_Records for the task_
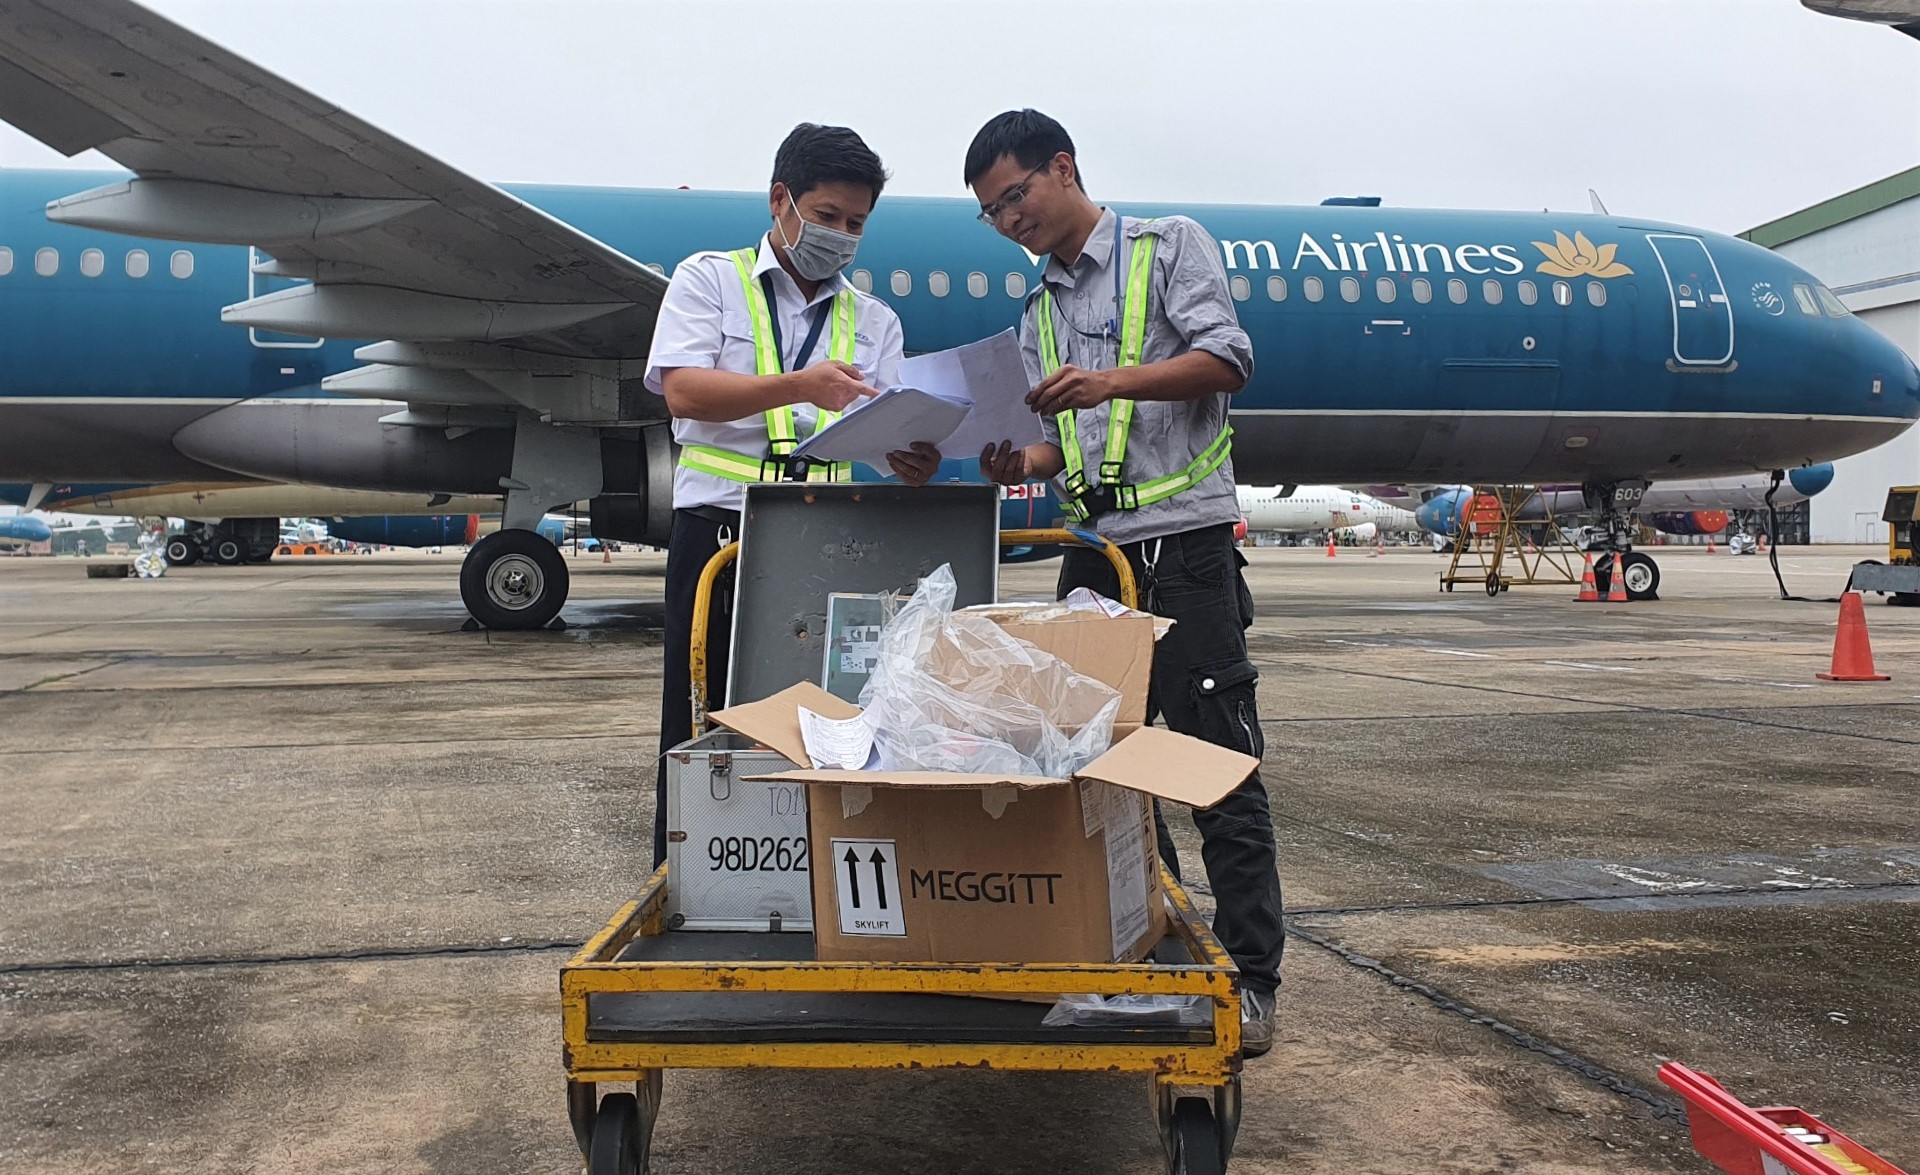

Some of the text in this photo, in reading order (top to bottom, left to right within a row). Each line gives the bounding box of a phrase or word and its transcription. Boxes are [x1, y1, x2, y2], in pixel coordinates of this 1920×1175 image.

[1292, 231, 1524, 275] Airlines
[1615, 487, 1642, 501] 603
[708, 836, 808, 871] 98D262
[855, 920, 889, 930] SKYLIFT
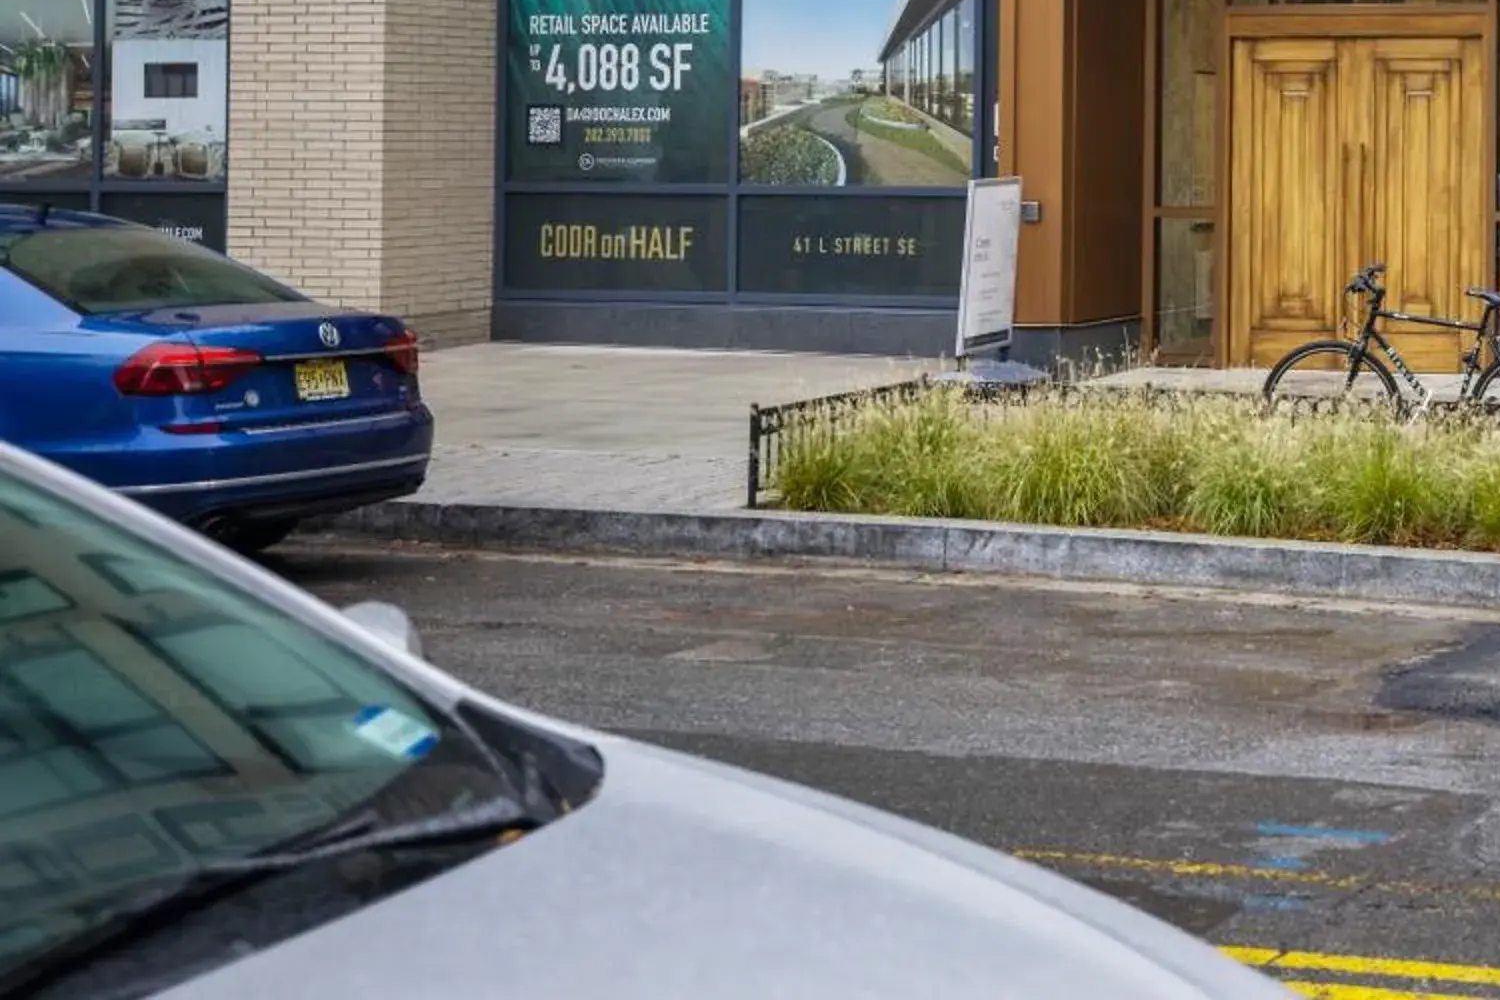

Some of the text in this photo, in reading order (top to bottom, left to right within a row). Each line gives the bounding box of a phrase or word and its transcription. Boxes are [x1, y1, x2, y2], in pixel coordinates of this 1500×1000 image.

[529, 13, 710, 35] RETAIL SPACE AVAILABLE
[529, 43, 541, 56] UP
[545, 42, 693, 95] 4,088 SF
[540, 225, 693, 260] CODA on HALF
[818, 236, 828, 254] L
[833, 236, 890, 255] STREET
[897, 237, 917, 255] SE
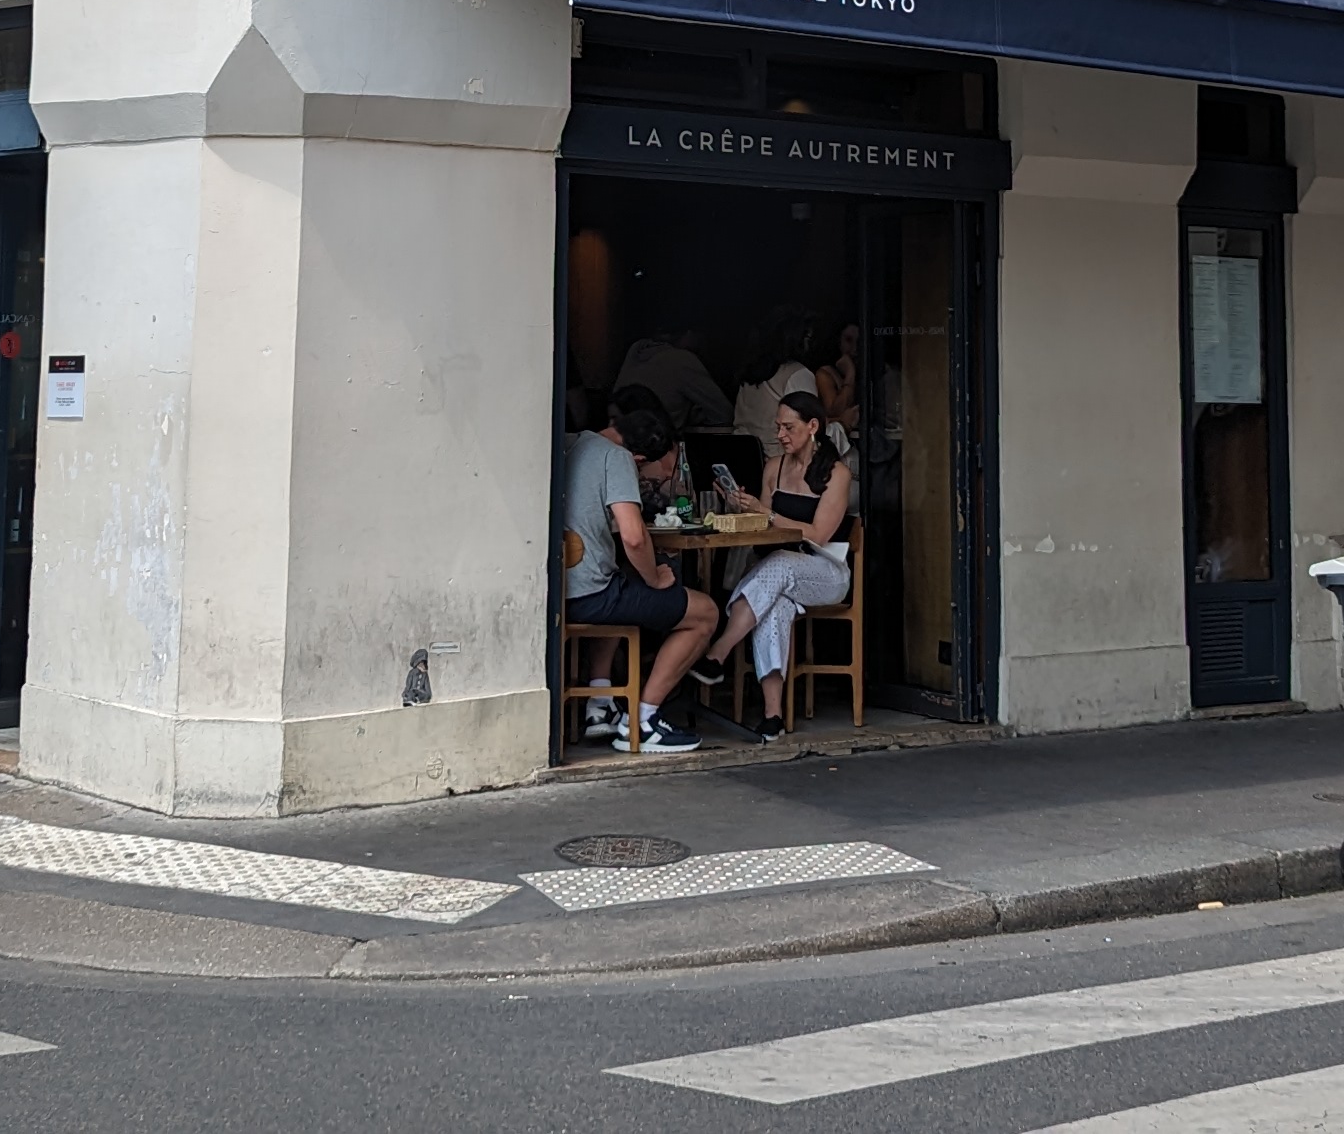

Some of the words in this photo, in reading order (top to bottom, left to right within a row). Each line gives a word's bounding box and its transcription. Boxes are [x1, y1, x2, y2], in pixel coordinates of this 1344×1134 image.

_What you will do_
Leaving the pictures aside, give back all the records exactly as they are.

_Response box_
Some of the text in this photo, in reading order (top to bottom, left to right within a row). Each line gives the bounding box of a phrase or word and its transcription. Boxes are [x1, y1, x2, y2], in pixel coordinates of this 1920×1175 image.

[1292, 231, 1524, 275] Airlines
[1615, 487, 1642, 501] 603
[708, 836, 808, 871] 98D262
[855, 920, 889, 930] SKYLIFT

Some of the text in this photo, in reading order (top to bottom, left to right within a row). Each line gives the bounding box of a phrase or word and its transcription. Boxes are [x1, y1, x2, y2], in pixel coordinates of this 1500×1000 image.

[529, 13, 710, 35] RETAIL SPACE AVAILABLE
[529, 43, 541, 56] UP
[545, 42, 693, 95] 4,088 SF
[540, 225, 693, 260] CODA on HALF
[818, 236, 828, 254] L
[833, 236, 890, 255] STREET
[897, 237, 917, 255] SE

Some of the words in this photo, in reading order (top to bottom, left to right within a row). Each line gives a word's bounding box and its transcription. Boxes are [x1, y1, x2, y2], in pixel coordinates of this 1344×1134 image.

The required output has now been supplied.